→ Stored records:
>>>>>
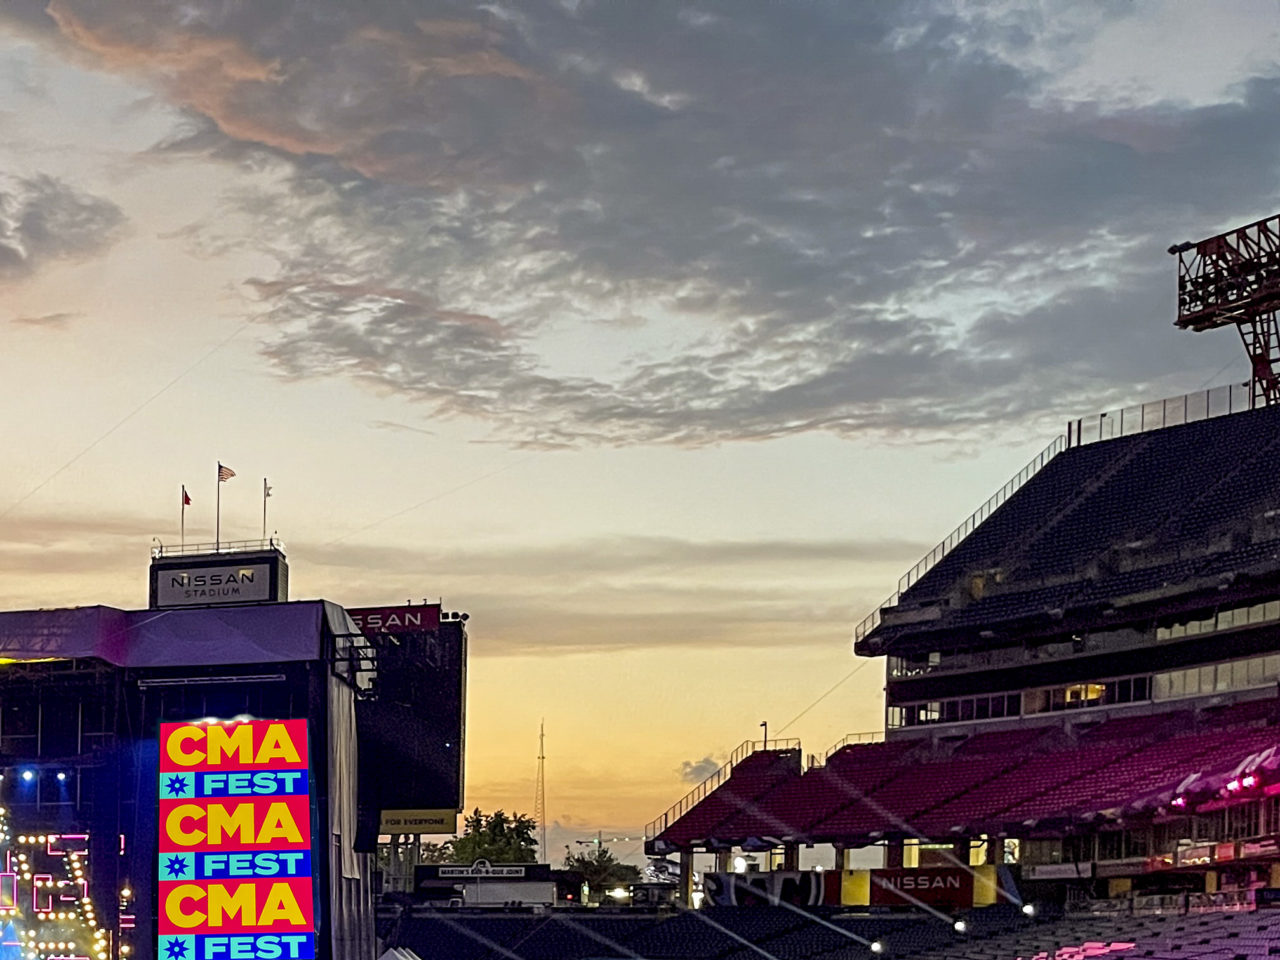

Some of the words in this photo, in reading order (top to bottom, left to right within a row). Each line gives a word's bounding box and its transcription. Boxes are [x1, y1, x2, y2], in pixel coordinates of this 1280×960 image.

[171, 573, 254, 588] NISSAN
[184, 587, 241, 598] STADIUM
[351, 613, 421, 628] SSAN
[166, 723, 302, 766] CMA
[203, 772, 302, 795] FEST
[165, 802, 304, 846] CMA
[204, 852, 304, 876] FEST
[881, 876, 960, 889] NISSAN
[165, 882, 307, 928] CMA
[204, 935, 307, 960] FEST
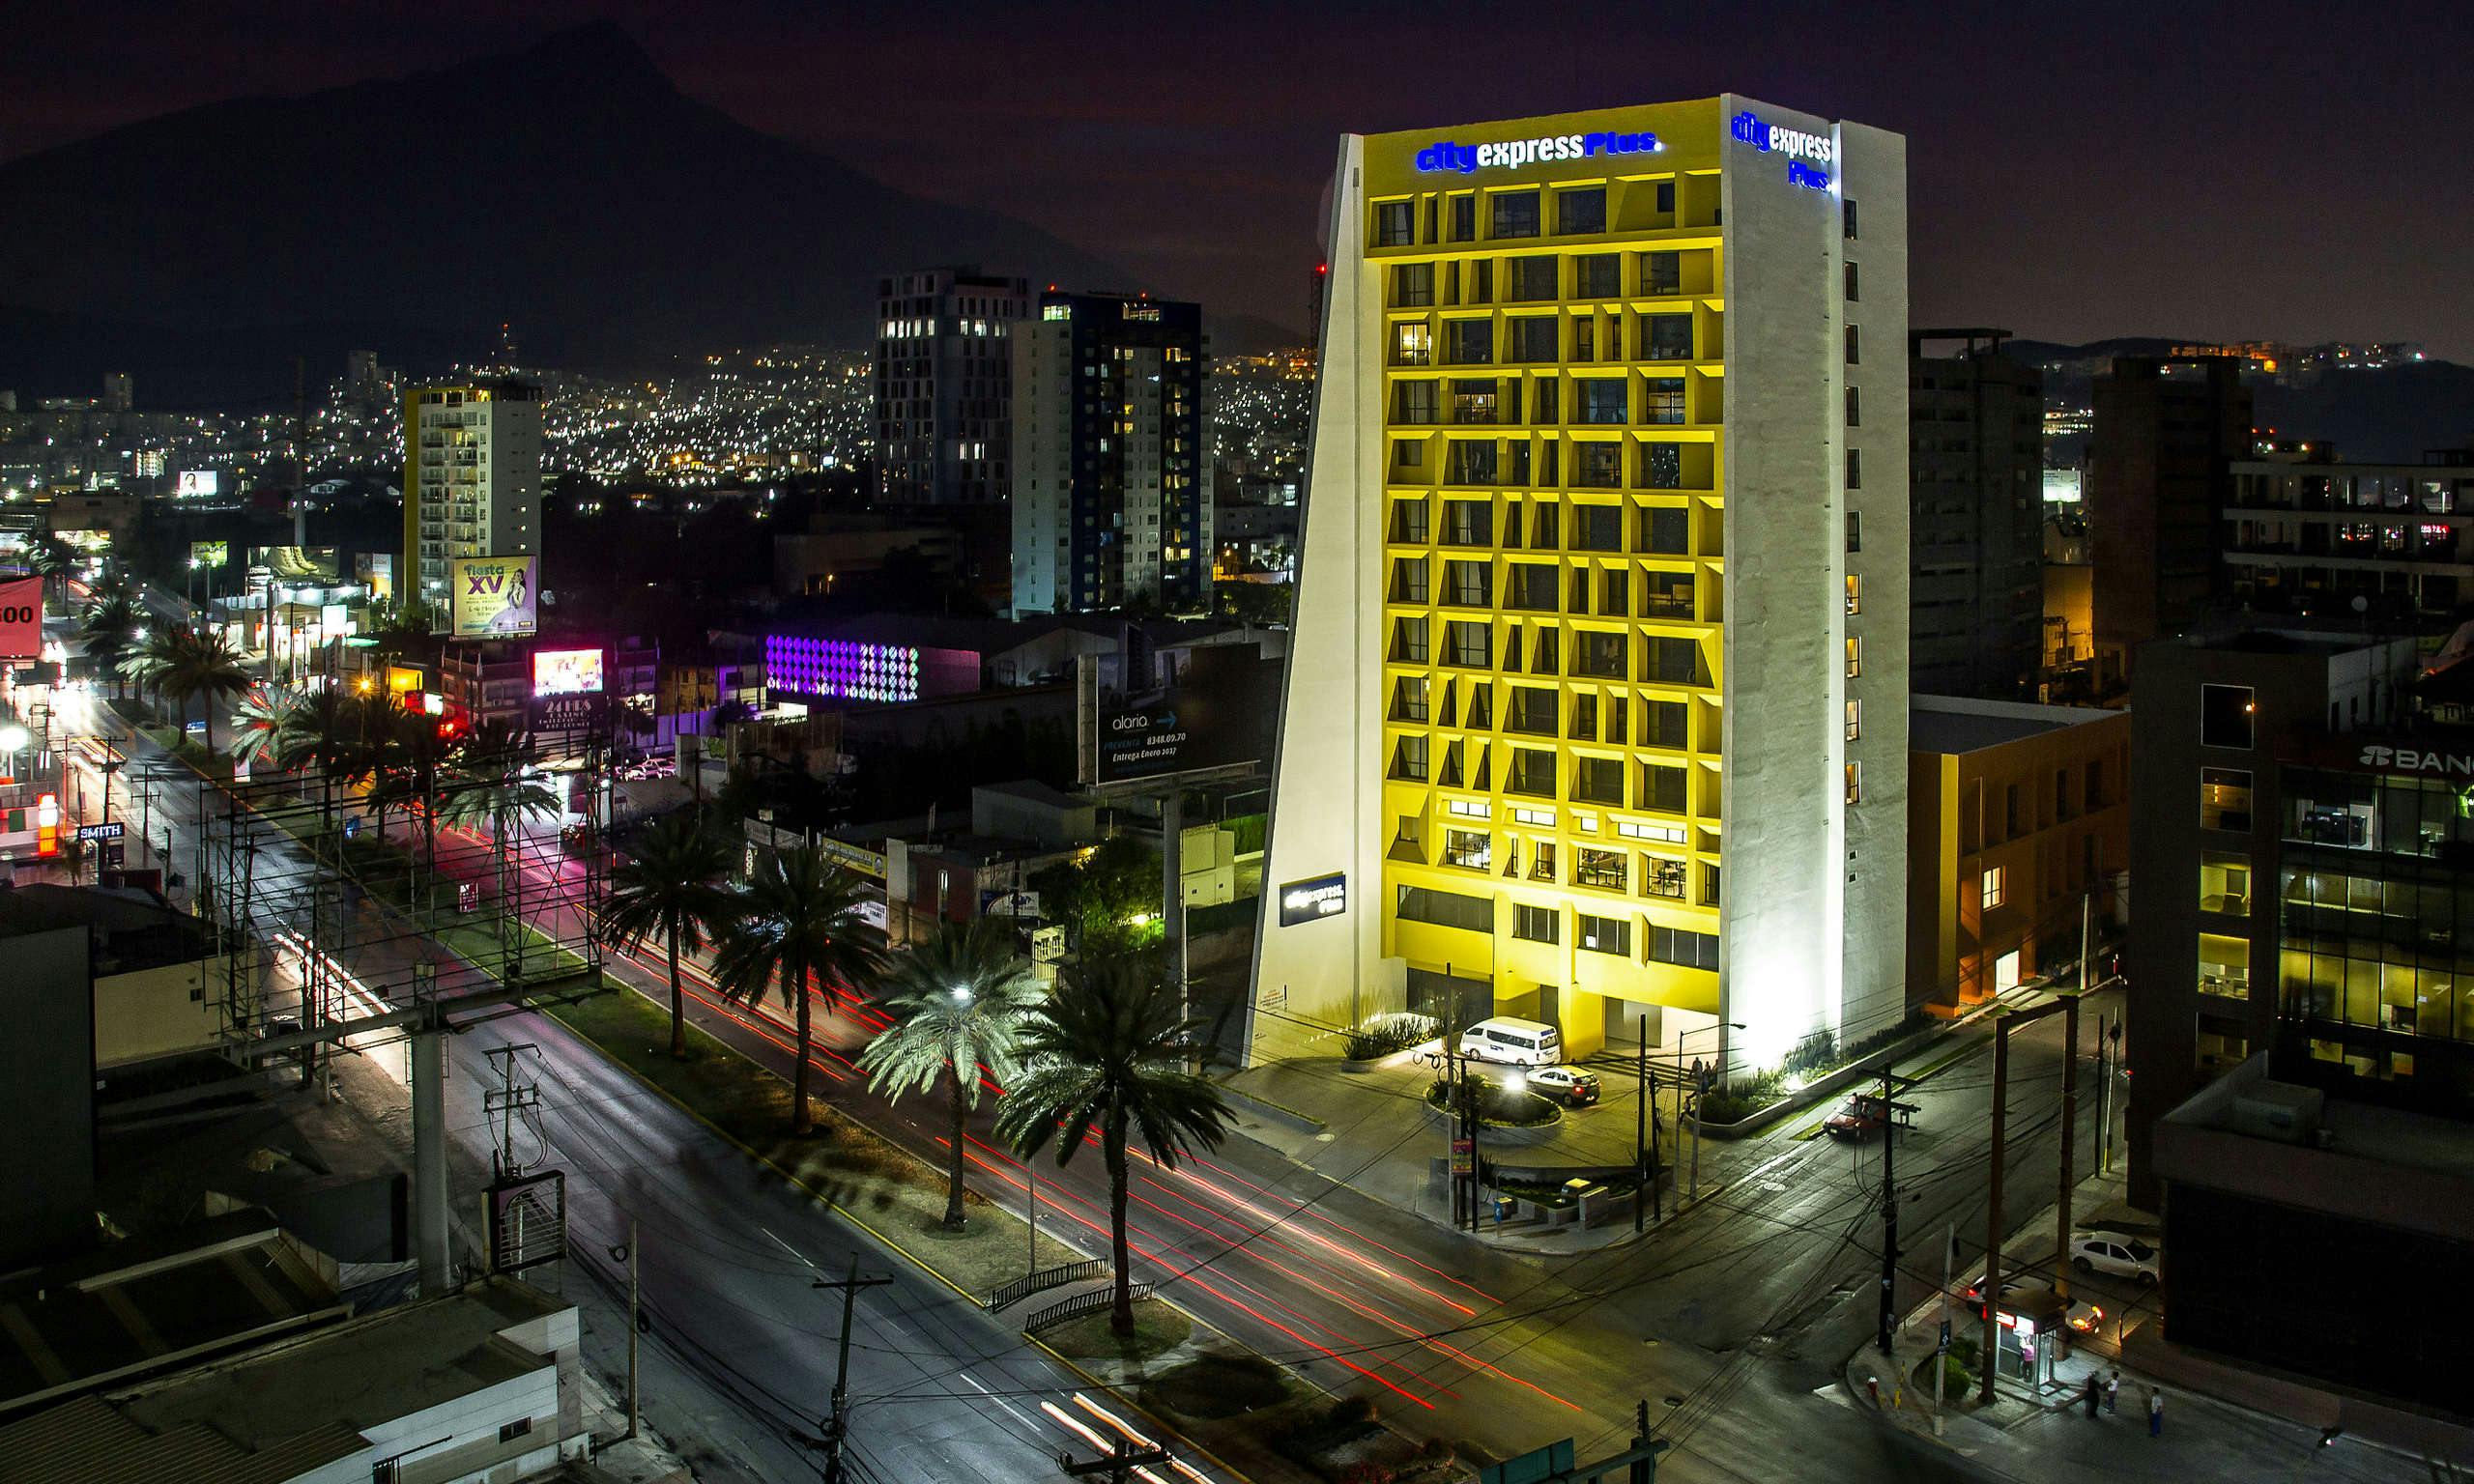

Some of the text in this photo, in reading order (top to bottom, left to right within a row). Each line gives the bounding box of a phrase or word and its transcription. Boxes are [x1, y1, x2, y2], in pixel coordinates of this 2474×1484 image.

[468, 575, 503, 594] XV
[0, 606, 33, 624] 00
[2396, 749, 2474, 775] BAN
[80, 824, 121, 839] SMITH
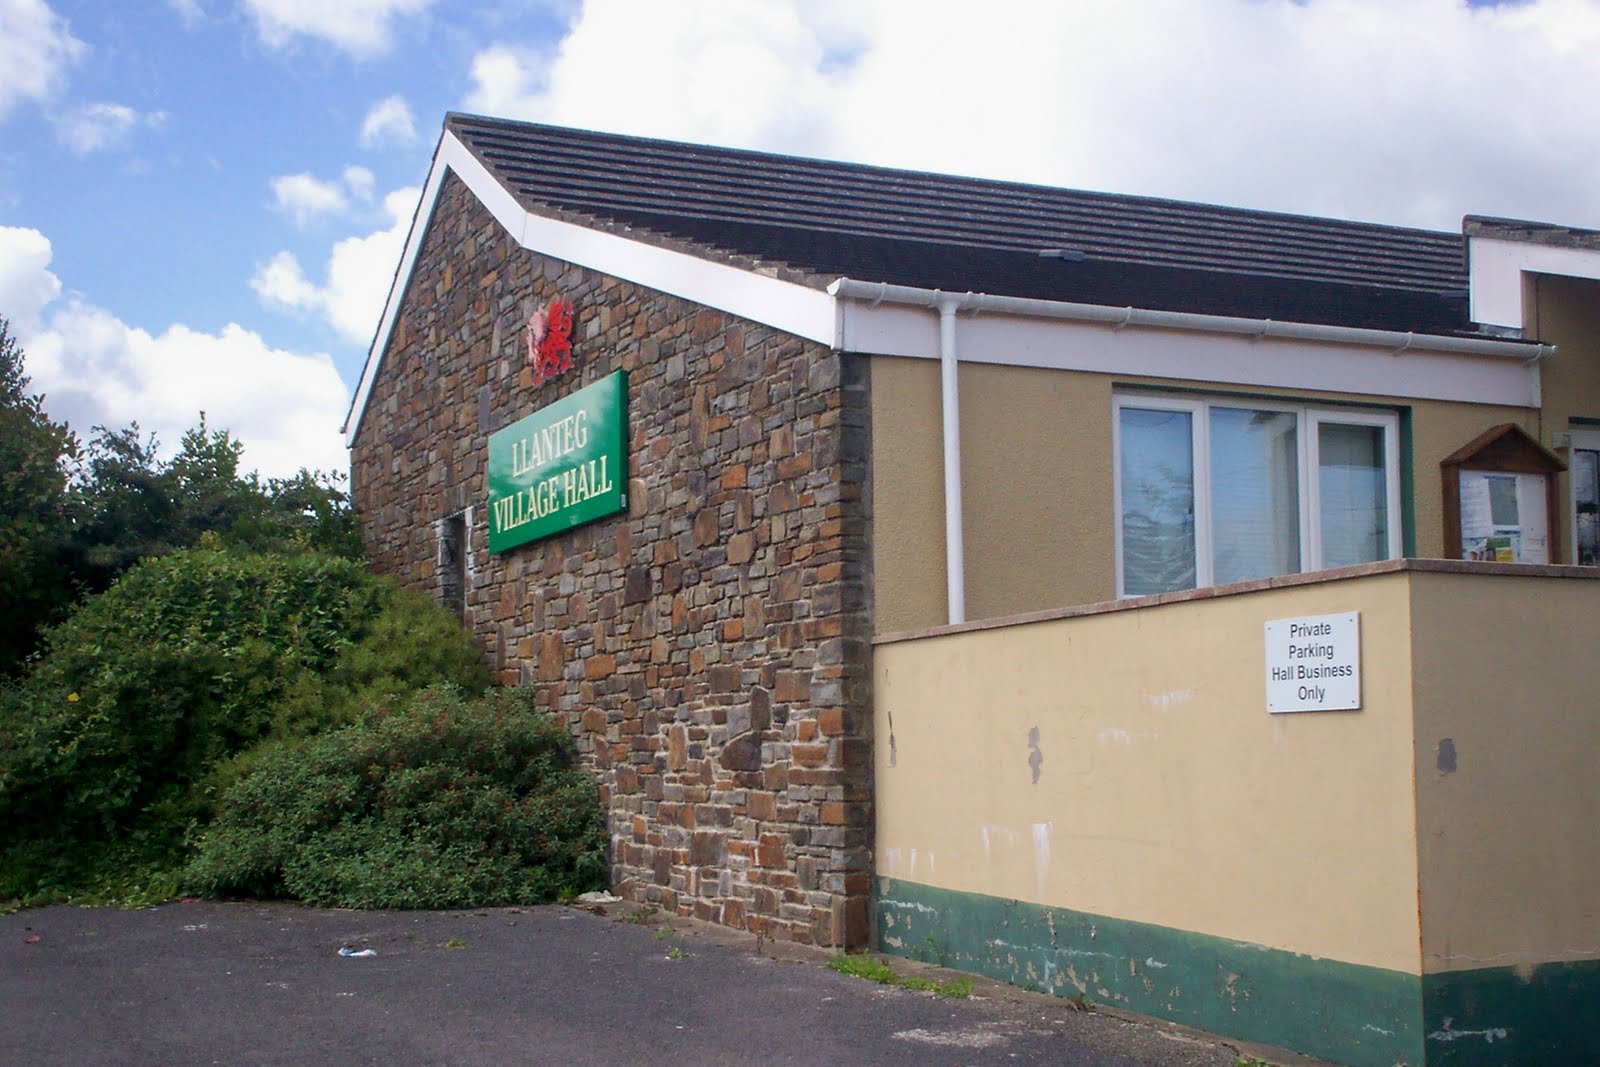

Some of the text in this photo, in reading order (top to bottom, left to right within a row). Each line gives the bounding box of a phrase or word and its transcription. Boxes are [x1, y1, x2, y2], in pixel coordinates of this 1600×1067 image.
<<<<<
→ Exercise prompt:
Copy out the records exactly; the pictures stay behind.

→ Output of the exercise:
Some of the words in this photo, in reading order (top to bottom, left to right within a row). Each line gives a word's bounding box and its transcription. Boxes are [x1, y1, x2, y2], in pixel coordinates of this 1280×960 image.

[171, 573, 254, 588] NISSAN
[184, 587, 241, 598] STADIUM
[351, 613, 421, 628] SSAN
[166, 723, 302, 766] CMA
[203, 772, 302, 795] FEST
[165, 802, 304, 846] CMA
[204, 852, 304, 876] FEST
[881, 876, 960, 889] NISSAN
[165, 882, 307, 928] CMA
[204, 935, 307, 960] FEST

Some of the text in this photo, in reading order (top to bottom, left to right within a row). Each line gives the bounding box of a phrase or word and its transcription. Boxes are [x1, y1, x2, y2], in pixel coordinates of this 2474×1484 image.

[468, 575, 503, 594] XV
[0, 606, 33, 624] 00
[2396, 749, 2474, 775] BAN
[80, 824, 121, 839] SMITH

Some of the text in this photo, in reading order (top to bottom, left to right within a row). Each line gives the bounding box of a phrase or word and its transcription. Boxes are [x1, y1, x2, y2], in pixel coordinates of this 1600×1067 image.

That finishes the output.